Aus Furcht vor weiteren drastischen Zinserhöhungen und einem wirtschaftlichen Abschwung ziehen sich Anleger aus Europas Börsen zurück. Dax und EuroStoxx50 fielen am Freitag um jeweils mehr als 1,5 Prozent auf 12.707 beziehungsweise 3484 Punkte und der Euro büßte 0,5 Prozent auf 0,9953 Dollar ein.
Staatsanleihen flogen ebenfalls aus den Depots. Dies trieb die Rendite der zehnjährigen Bundestitel auf ein Drei-Monats-Hoch von 1,817 Prozent. Die zweijährigen Papiere rentierten mit 1,594 Prozent so hoch wie zuletzt vor elf Jahren.
Geschürt wurden die Sorgen der Investoren von den jüngsten Rezessionswarnungen des Internationalen Währungsfonds (IWF) und der Weltbank. Nicht einmal ermutigende Konjunkturdaten aus China könnten derzeit die Stimmung nachhaltig aufhellen, sagte Anlagestratege Michael Hewson vom Brokerhaus CMC Markets. Die Einzelhandelsumsätze der Volksrepublik stiegen im August überraschend deutlich um 5,4 Prozent im Jahresvergleich. Der Anstieg der Industrieproduktion fiel mit 4,2 Prozent ebenfalls höher aus als erwartet.
Die britischen Einzelhandelsumsätze fielen dagegen überraschend stark um 1,6 Prozent. "Das deutet ganz klar auf eines hin: Eine nahende Rezession", sagte Naeem Aslam, Chef-Marktanalyst des Brokerhauses AvaTrade.
FEDEX-AUSBLICK SCHÜRT REZESSIONSÄNGSTE
Bestätigt sahen sich die Konjunkturpessimisten außerdem von den Zahlen des US-Paketdienstes FedEx. Dieser kassierte unter Hinweis auf die Abkühlung der Konjunktur seinen Ausblick. "Es ist sehr wahrscheinlich, dass wir in den kommenden Tagen ähnliche Aussagen von anderen Unternehmen hören werden", warnte AvaTrade-Experte Aslam. FedEx-Aktien brachen im vorbörslichen US-Geschäft um fast 20 Prozent ein, so stark wie seit mindestens 41 Jahren nicht mehr. Der Rivale UPSUPS.N büßte sieben Prozent ein. Diesem Sog konnten sich europäische Konkurrenten nicht entziehen. So fielen die Titel der Deutschen PostDPWGn.DE um bis zu 7,6 Prozent auf ein Zwei-Jahres-Tief von 33,05 Euro. Diejenigen der Österreichischen Post gaben 2,7 Prozent nach.

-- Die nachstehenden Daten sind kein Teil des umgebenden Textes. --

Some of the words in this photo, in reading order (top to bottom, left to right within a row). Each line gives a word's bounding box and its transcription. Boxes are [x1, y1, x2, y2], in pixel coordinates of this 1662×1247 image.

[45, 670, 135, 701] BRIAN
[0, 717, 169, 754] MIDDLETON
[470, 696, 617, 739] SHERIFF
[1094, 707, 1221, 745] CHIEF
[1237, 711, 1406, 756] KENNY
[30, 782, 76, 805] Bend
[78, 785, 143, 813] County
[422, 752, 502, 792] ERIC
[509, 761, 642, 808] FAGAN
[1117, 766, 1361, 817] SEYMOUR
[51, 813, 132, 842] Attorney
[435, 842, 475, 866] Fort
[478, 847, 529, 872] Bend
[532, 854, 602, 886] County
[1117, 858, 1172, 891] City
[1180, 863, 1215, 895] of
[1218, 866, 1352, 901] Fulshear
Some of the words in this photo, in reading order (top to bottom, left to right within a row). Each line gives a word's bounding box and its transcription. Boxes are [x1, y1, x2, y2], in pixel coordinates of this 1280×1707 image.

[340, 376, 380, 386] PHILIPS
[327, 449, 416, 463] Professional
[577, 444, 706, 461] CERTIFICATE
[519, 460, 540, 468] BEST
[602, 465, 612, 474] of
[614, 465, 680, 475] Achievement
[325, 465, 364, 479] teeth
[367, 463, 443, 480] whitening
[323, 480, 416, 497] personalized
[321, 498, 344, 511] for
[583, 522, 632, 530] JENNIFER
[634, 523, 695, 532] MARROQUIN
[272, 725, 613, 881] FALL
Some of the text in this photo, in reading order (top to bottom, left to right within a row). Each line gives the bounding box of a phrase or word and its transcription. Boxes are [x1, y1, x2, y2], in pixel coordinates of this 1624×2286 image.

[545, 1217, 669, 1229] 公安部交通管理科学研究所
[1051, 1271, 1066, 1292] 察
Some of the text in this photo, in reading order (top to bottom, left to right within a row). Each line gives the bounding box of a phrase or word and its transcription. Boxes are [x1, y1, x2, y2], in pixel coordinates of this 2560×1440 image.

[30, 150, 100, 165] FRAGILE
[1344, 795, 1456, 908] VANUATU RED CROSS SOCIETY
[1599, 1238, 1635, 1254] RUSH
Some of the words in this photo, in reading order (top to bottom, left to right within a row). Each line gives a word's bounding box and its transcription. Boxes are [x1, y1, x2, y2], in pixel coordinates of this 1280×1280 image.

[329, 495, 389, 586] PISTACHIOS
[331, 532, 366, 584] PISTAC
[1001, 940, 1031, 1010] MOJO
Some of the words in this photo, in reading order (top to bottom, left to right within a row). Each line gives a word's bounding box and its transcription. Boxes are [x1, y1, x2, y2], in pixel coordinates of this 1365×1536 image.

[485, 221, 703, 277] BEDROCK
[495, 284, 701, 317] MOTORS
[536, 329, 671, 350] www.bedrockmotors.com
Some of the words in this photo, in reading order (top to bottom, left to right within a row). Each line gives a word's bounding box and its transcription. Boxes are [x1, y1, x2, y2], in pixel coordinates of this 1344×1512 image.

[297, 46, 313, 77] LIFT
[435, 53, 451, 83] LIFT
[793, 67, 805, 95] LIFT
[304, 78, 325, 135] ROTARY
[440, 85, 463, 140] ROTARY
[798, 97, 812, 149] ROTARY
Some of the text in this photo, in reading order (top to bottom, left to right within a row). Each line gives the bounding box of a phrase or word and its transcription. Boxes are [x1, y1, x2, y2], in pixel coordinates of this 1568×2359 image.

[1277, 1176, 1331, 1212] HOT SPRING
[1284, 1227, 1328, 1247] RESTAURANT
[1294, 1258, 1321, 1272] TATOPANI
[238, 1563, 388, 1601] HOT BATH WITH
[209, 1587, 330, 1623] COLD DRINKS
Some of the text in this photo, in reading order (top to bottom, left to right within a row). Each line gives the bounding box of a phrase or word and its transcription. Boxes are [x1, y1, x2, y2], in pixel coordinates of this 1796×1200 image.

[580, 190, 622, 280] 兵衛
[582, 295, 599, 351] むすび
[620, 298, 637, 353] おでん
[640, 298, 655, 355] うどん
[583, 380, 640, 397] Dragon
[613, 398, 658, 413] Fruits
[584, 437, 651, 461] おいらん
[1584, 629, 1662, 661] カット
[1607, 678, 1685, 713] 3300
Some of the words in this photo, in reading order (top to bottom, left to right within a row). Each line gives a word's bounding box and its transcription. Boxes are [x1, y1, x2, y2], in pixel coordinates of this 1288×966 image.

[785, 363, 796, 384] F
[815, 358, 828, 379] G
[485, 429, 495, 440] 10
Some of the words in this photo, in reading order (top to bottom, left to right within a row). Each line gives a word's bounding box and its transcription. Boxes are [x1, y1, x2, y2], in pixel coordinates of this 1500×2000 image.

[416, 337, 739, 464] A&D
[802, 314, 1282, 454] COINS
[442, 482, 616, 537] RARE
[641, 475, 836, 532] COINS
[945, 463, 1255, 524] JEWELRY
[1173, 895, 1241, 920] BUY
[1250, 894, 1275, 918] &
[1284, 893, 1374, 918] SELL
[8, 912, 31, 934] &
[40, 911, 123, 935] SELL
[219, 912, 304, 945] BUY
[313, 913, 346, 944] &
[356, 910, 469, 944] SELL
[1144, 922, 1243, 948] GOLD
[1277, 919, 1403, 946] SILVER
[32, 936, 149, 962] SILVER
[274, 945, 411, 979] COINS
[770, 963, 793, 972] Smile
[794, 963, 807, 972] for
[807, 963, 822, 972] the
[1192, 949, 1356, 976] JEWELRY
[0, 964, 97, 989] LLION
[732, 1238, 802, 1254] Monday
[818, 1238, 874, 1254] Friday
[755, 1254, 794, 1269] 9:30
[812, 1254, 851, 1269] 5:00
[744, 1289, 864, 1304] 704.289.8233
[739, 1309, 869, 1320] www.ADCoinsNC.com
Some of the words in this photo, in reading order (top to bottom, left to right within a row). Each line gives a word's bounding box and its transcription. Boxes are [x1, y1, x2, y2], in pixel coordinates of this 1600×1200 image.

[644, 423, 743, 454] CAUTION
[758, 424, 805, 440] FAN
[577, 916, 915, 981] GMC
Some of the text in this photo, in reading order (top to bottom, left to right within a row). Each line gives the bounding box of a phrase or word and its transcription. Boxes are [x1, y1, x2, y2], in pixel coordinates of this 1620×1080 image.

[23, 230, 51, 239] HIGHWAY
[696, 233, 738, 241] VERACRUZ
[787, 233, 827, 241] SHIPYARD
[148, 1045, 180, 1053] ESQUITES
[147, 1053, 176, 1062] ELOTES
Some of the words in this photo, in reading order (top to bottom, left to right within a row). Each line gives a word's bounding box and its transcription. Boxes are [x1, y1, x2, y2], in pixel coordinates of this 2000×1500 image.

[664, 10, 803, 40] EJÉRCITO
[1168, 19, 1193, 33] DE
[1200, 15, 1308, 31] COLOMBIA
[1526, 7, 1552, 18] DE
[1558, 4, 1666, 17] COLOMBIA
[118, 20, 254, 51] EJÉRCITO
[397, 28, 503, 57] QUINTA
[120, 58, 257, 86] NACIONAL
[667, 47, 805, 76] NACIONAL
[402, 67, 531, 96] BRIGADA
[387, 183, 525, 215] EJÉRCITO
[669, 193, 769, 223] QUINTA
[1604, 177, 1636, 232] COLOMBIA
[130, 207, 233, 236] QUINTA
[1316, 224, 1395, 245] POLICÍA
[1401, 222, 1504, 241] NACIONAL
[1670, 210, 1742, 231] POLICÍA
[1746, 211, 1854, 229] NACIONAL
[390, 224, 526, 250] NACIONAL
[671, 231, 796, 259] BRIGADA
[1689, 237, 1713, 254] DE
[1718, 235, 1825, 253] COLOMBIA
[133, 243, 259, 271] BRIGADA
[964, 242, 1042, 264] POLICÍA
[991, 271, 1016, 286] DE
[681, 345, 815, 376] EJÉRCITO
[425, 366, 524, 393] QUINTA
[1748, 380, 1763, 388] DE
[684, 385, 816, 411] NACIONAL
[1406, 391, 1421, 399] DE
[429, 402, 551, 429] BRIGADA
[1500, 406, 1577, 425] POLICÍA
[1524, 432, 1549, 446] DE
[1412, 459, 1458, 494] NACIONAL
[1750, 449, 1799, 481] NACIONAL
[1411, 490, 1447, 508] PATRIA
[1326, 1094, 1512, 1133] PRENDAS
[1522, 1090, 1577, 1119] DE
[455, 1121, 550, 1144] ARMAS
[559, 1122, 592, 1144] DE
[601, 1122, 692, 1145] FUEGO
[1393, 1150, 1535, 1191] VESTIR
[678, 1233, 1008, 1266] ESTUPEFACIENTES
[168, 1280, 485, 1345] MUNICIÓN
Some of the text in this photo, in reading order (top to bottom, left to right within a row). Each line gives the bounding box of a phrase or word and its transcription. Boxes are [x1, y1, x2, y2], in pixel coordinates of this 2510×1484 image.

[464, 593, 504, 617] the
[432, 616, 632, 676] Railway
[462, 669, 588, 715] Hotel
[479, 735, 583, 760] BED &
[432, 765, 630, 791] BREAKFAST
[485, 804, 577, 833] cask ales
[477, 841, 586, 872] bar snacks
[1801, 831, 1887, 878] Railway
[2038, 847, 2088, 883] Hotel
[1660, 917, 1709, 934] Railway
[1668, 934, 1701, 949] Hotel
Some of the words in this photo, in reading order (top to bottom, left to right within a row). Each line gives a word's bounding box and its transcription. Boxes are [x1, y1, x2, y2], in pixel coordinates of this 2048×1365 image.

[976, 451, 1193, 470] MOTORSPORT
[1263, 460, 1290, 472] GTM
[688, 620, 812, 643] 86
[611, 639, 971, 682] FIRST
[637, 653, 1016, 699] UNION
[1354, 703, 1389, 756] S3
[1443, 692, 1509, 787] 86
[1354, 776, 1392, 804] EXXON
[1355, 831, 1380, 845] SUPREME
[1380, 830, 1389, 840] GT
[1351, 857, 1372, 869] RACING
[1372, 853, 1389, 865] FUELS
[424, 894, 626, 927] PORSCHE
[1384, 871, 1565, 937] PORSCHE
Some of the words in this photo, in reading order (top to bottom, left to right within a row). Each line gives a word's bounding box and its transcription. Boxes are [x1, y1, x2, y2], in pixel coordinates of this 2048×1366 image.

Logistik-Konzerne wie Kühne+Nagel oder die Reedereien Hapag-Lloyd und Moeller Maersk gerieten ebenfalls unter Druck und büßten bis zu acht Prozent ein. Die Zahlen von FedEx ließen sich auf diese Firmen zwar nicht eins zu eins übertragen, sagte Analyst Ole Hansen von der Saxo Bank. Sie bestätigten aber einen Abschwung der Weltwirtschaft und drohende Rezessionen in Amerika und Europa.
ROHSTOFFPREISE GEBEN NACH - GERINGERE NACHFRAGE ERWARTET
An den Rohstoffmärkten war das Thema Rezession ebenfalls präsent. Neben den Zinserhöhungen setzten die anhaltenden Coronavirus-Beschränkungen in China ein Fragezeichen hinter die Nachfrage-Aussichten, sagte Analyst Edward Moya vom Brokerhaus Oanda. Daher verbilligte sich Kupfer um 1,5 Prozent auf 7615 Dollar je Tonne.
Parallel dazu gab der europäische Erdgas-Future1 7,6 Prozent auf 196 Euro je Megawattstunde nach. Hier nutzten Anleger die jüngste Rally zu Gewinnmitnahmen. In den vergangenen Tagen hatte der Terminkontrakt zeitweise 28 Prozent zugelegt.
Die Rohöl-Sorte Brent aus der Nordsee verteuerte sich dagegen um 0,3 Prozent auf 91,13 Dollar je Barrel (159 Liter). Dies sei aber nur eine Reaktion auf vorangegangene Kursverluste, sagte ein Börsianer. Wegen der trüben Konjunkturaussichten müsse mit weiteren Rückgängen gerechnet werden.